Y resulta que el camino de la Cruz y el camino de la Pascua es distinto. A Cristo se le ven bien sus Llagas; Cristo va a adornado, no por joyas ni por perfumes, no lleva accesorios de última moda, sino lleva sobre su propio cuerpo el hermosos vestido de Llagas gloriosas.

Y el mensaje para nuestra propia Pascua es ese: ya no más esconder nuestro dolor, ya no más hacer de cuenta que nada pasara, ya no más ocultar el rostro ante la pobreza, ante el pecado, ante la soledad, ante el odio del mundo.

el cristiano que ha participado de la fuerza de la Resurrección de Cristo no tiene que esconder el rostro a esas cosas como si no existieran, ni tratar de no pensar en ellas como si fueran en otro planeta.
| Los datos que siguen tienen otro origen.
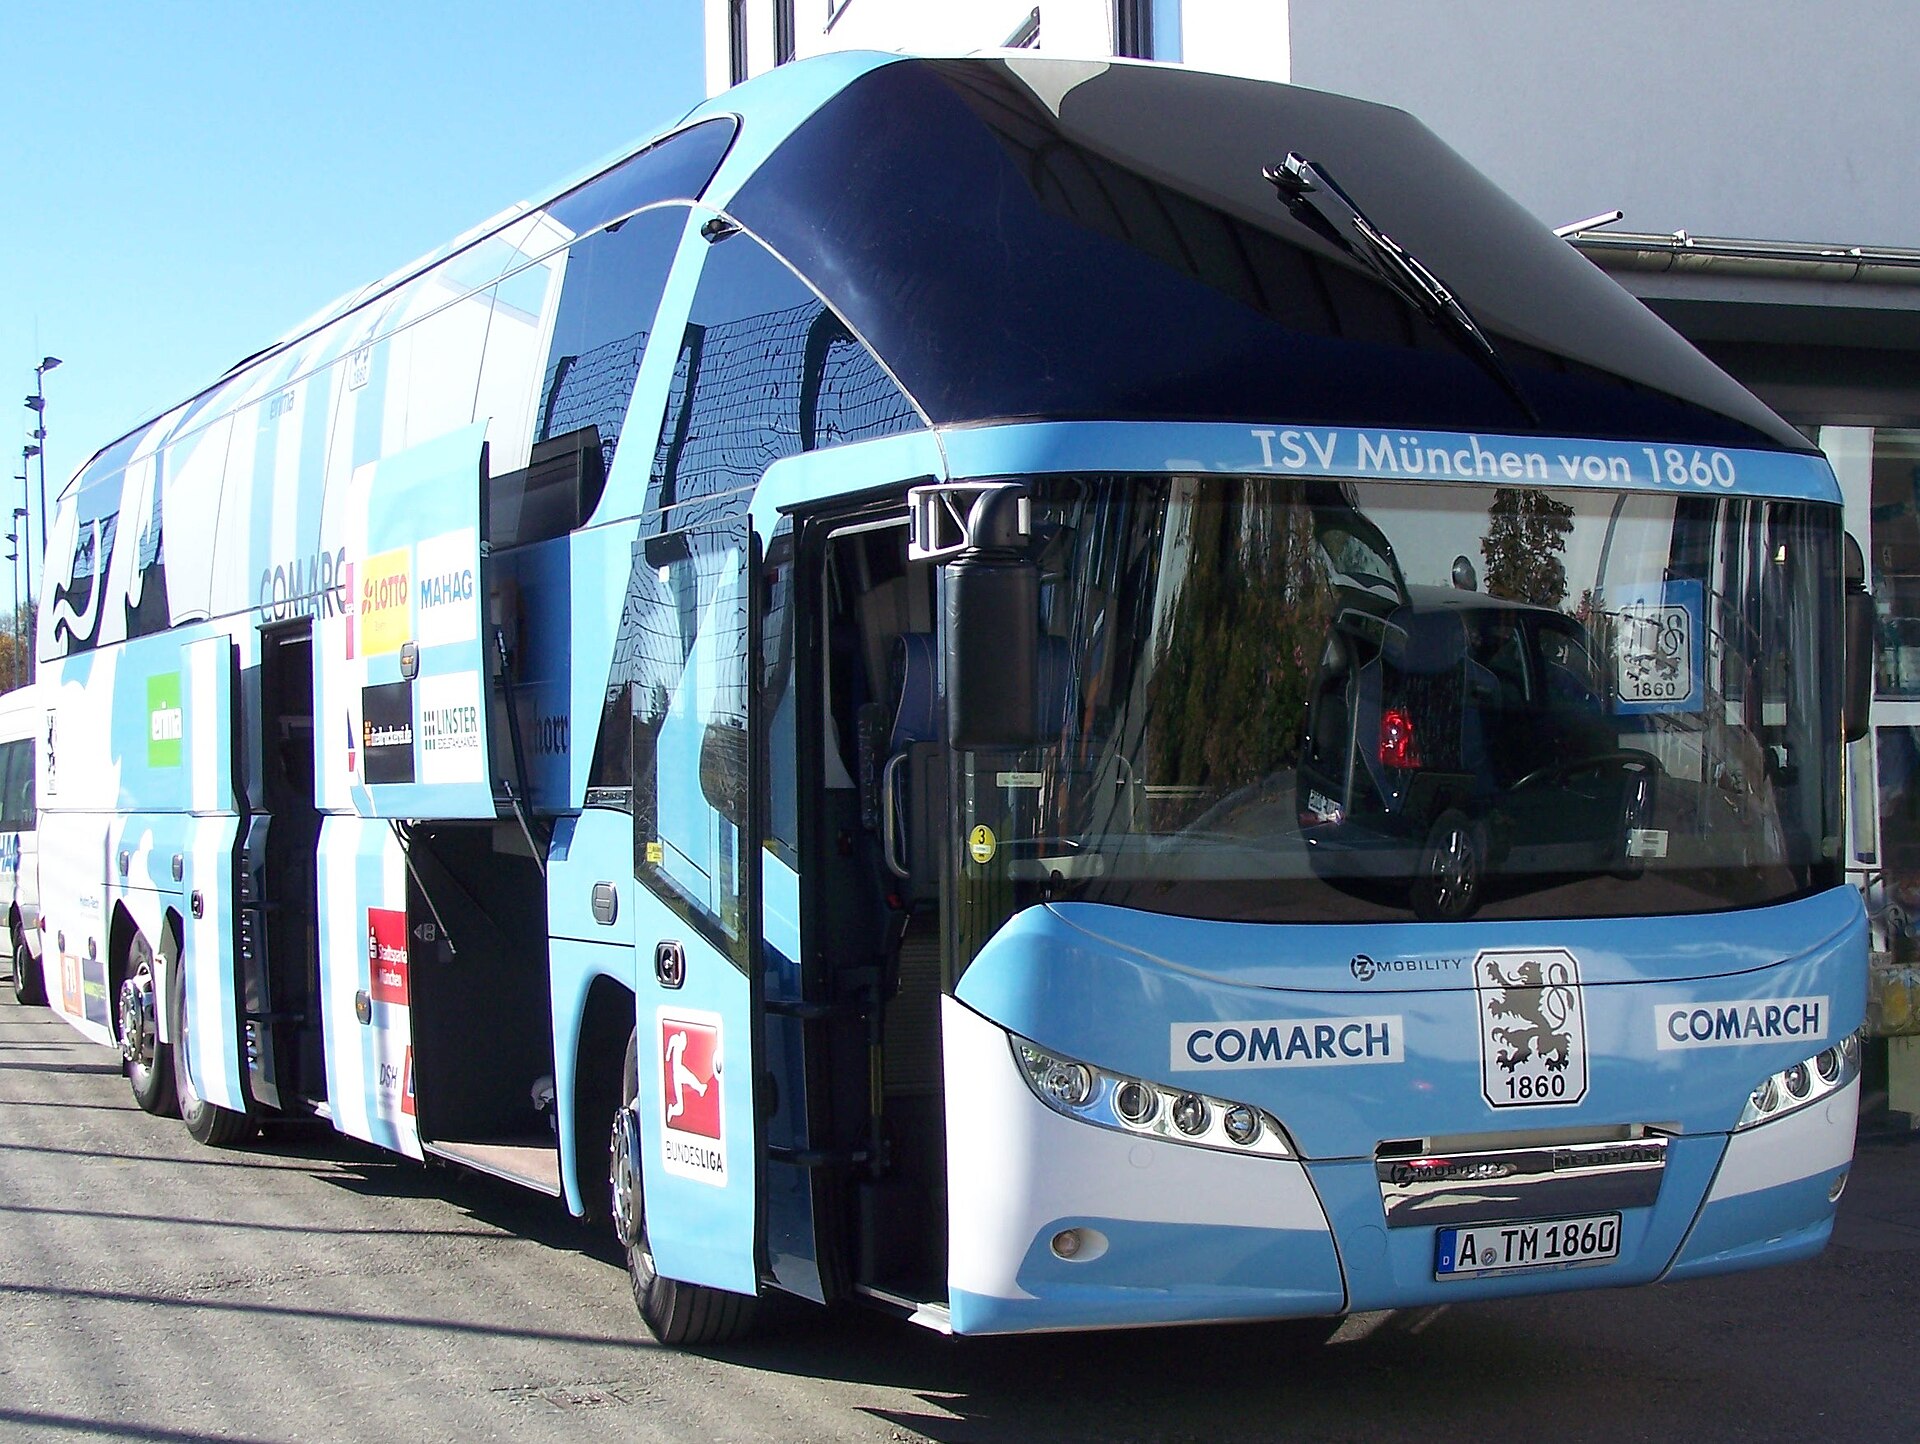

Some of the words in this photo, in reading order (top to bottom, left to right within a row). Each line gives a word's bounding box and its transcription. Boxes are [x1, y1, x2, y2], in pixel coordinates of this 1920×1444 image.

[1251, 430, 1337, 469] TSV
[1358, 434, 1548, 480] München
[1559, 454, 1631, 482] von
[1643, 447, 1736, 489] 1860
[375, 573, 408, 611] LOTTO
[421, 569, 473, 609] MAHAG
[1632, 682, 1676, 697] 1860
[437, 706, 478, 735] LINSTER
[978, 828, 985, 844] 3
[1377, 959, 1462, 972] MOBILITY
[1667, 1003, 1821, 1042] COMARCH
[1186, 1022, 1391, 1065] COMARCH
[379, 1063, 398, 1089] DSH
[1505, 1074, 1566, 1099] 1860
[666, 1140, 723, 1173] BUNDESLIGA
[1555, 1147, 1660, 1167] NEOPLAN
[1459, 1233, 1477, 1267] A
[1501, 1228, 1539, 1263] TM
[1544, 1220, 1615, 1259] 1860
[1442, 1255, 1449, 1265] D
Sí hay llagas, hay llagas en la sociedad, hay llagas en la familia, hay llagas en el corazón.

Y el mensaje del cristianismo, muy lejos de lo que dijo Marx, no es un opio, no es dejar de ver esas llagas, sino sumergirlas, bautizarlas, someterlas al poder del Espíritu que resucitó a Cristo de entre los muertos, para que aquello que era nuestra ruina se convierta en nuestro gozo; y para que aquello que era señál de tortura sea señal de victoria; lo que era señal de dolor sea manantial de gracia; lo que era señal de muerte sea fuente de vida. Ese es el mensaje del cristianismo.

Nosotros nos unimos a la Pascua de Jesucristo, nosotros nos unimos en fe a Él, y creemos que el mismo Espíritu que resucitó a Cristo de entre los muertos, tiene también poder para transformar nuestra propia vida.
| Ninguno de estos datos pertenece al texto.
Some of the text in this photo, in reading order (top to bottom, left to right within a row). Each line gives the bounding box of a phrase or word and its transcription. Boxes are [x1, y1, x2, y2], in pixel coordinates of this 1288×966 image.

Cuando se acepta este mensaje de Jesús en lo profundo del corazón, de pronto descubrimos que todos tenemos un tesoro en común, y que ese tesoro es precisamente el mismo Cristo. después de que se tiene a Cristo en común, es fácil compartir las otras cosas. esta es la diferencia entre el compartir cristiano y la propuesta, porejemplo, del comunismoo del socialismo ateo.

La propuesta del comunismo es o era, no sé qué sea mejor decir, "pongamos los bienes en común, y tendremos una sociedad justa, feliz, etc. La propuesta del cristianismo no es esa.

Nos dice la primera lectura de los Hechos de los Apóstoles que "los cristianos tenían todo en común" Hechos de los Apóstoles , y no ha faltado el que diga: "¿Ve usted? ahí está la prueba de que hay una especie de comunismo cristiano". No es cierto, no es la idea.

La idea no es: "Pongamos nuestros biene en común, y Cristo vivirá entre nosotros", eso no fue lo que sucedió. Lo que sucedió fue: "Cristo vive entre nosotros, Cristo ha vencido nuestra incredulidad; Cristo ha sacado a cada uno de la guarida de su propio miedo; Cristo le ha mostrado a cada uno que no tiene que esconder con terror y con vergüenza sus llagas; Cristo a liberado.

"Y precisamente por eso, porque tenemos ese Tesoro, que es Cristo en común, por eso aprendemo y por eso podemos poner los demás tesoros en común"

Entonces no somos nosotros los que mantenemos vivo a Cristo, no somos noostros los que mantenemos vivo su recuerdo.

En la Universidad Naconal hasta hace poco había un letrero, lo habrán cambiado, da lo mismo: "Mao, -Mao Tsé Tung-, Mao vive", "El Che vive", ¿de qué se trata ahí? se trata de que sus ideas perduran, o su inspiración y sus sentimientos perduran en sus seguidores.